Silver, fiddle-pattern table fork with Sir John Franklin's crest on the reverse of the handle

A silver fiddle-pattern table fork belonging to Sir John Franklin from the 1845 British Northwest Passage Expedition led by Sir John Franklin. The back of the handle bears the Franklin crest (conger eel's head between two branches). The fork has London hallmarks, the date code for 1844-45, and the maker's mark 'GA' for George Adams.

The silver table fork was bartered from a group of Inuit by Captain F. L. McClintock's sledge team on 7 May 1859 near Cape Norton, east side of King William Island where McClintock wrote 'I purchased from them six pieces of silver plate, bearing the crests or initials of Franklin, Crozier, Fairholme and McDonald,...' In his appendix McClintock records 'two table forks, one bearing the Franklin crest,...' [McClintock, The Voyage of the Fox (1859), pages 260, 370].

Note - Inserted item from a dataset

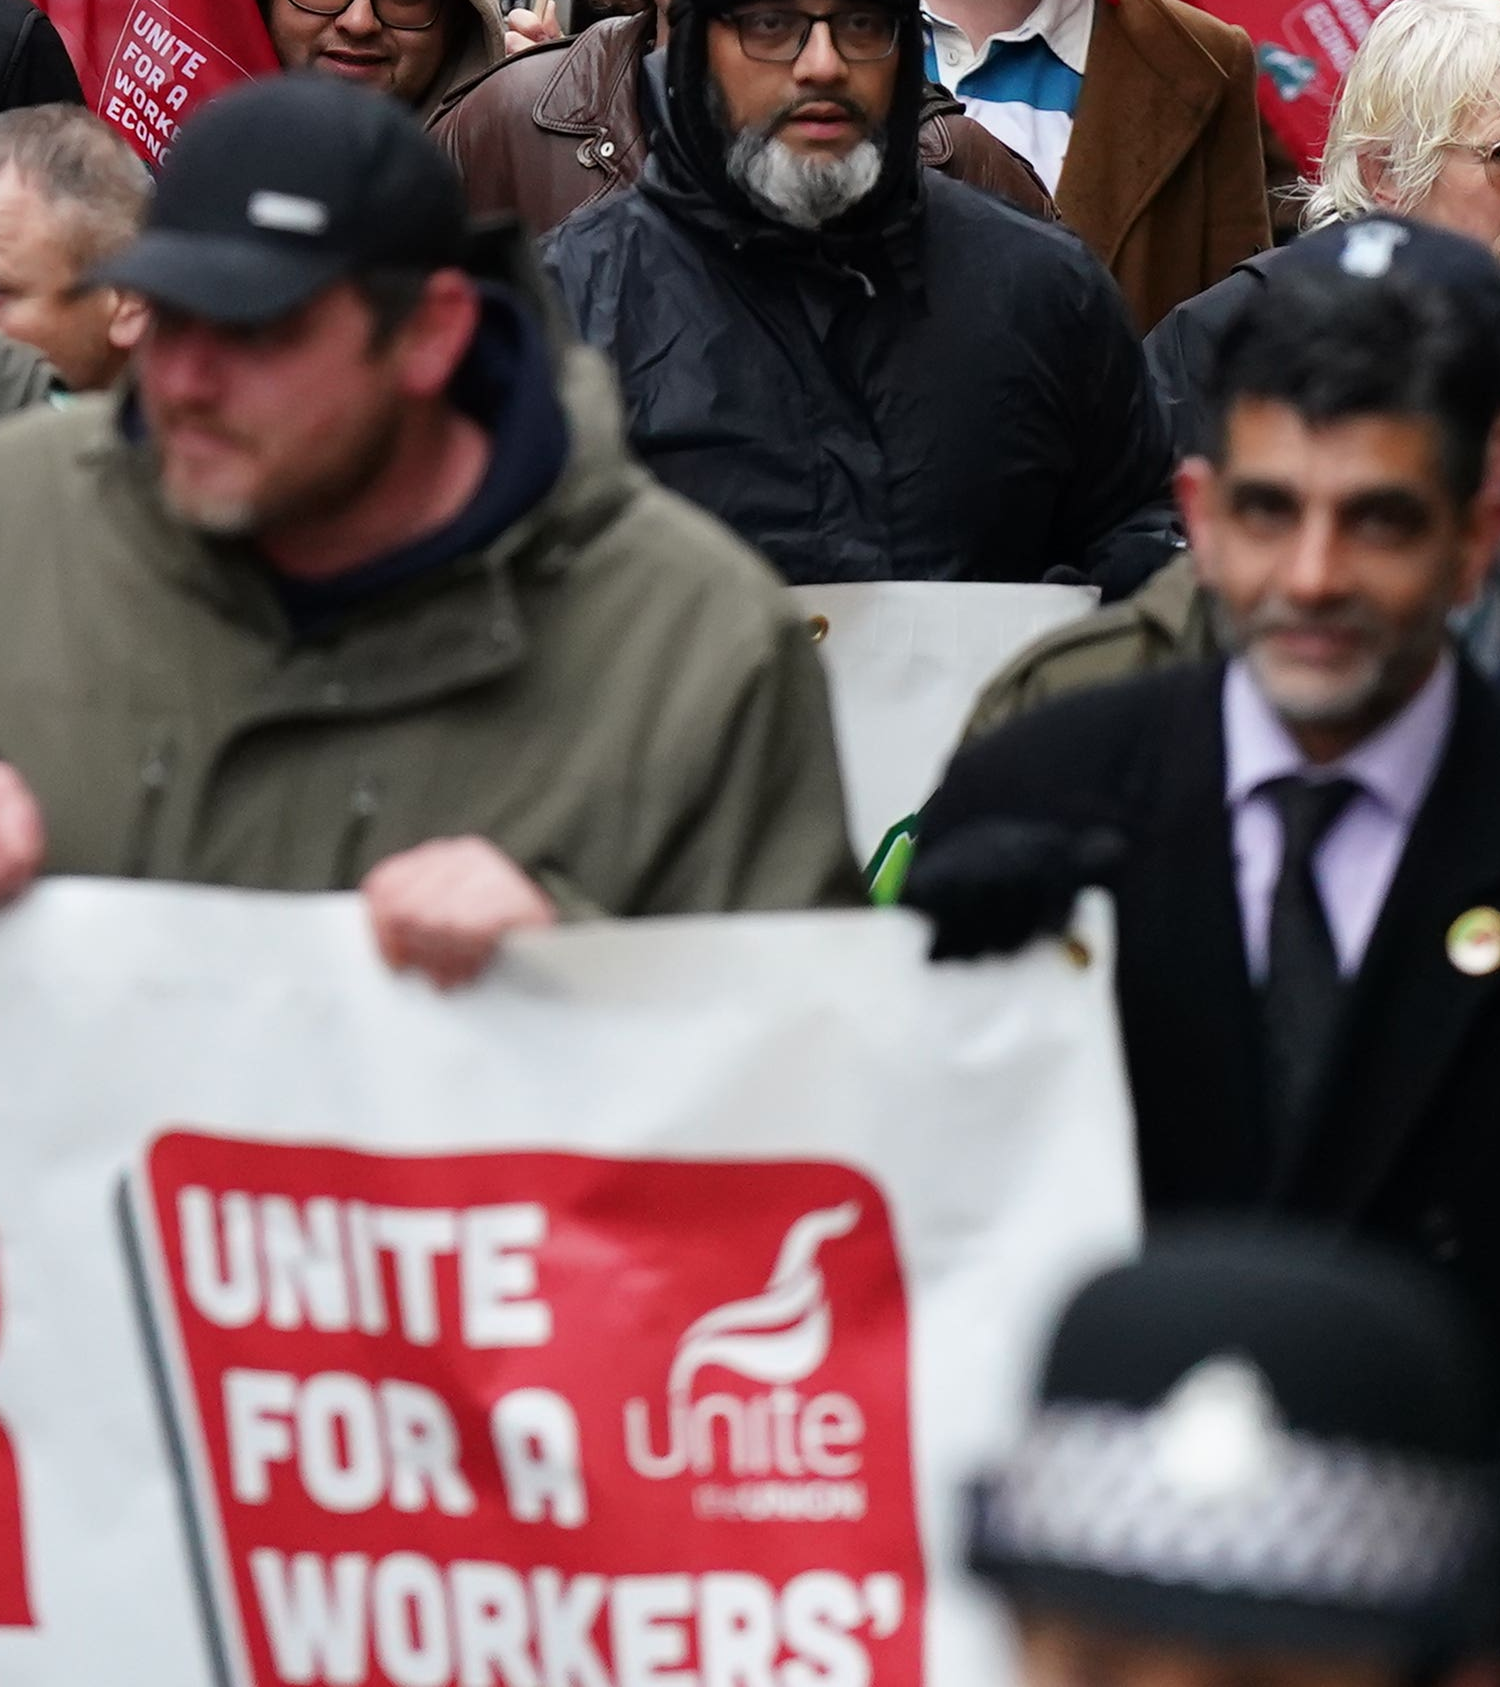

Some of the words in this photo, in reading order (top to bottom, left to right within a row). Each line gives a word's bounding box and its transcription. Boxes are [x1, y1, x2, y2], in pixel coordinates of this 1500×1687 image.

It is not certain that the silver table fork was displayed at the Royal Naval Museum, Greenwich. The item is shown in - 'Stereoscopic slides of the relics of Sir John Franklin's Expedition' photographed by Lieutenant Cheyne RN, at the United Services Museum, Whitehall, No. 9 (bottom left).

Object Details

ID: AAA2480
Collection: Polar Equipment and Relics
Type: Fork
Display location: Not on display
Creator: Adams, George
Events: Arctic Exploration: Franklin's Last Expedition, 1845-1848; Arctic Exploration: Franklin Search Expedition, McClintock, 1857-1859
Vessels: Fox (1855)
Date made: 1844-1845
People: Franklin, John
Credit: National Maritime Museum, Greenwich, London.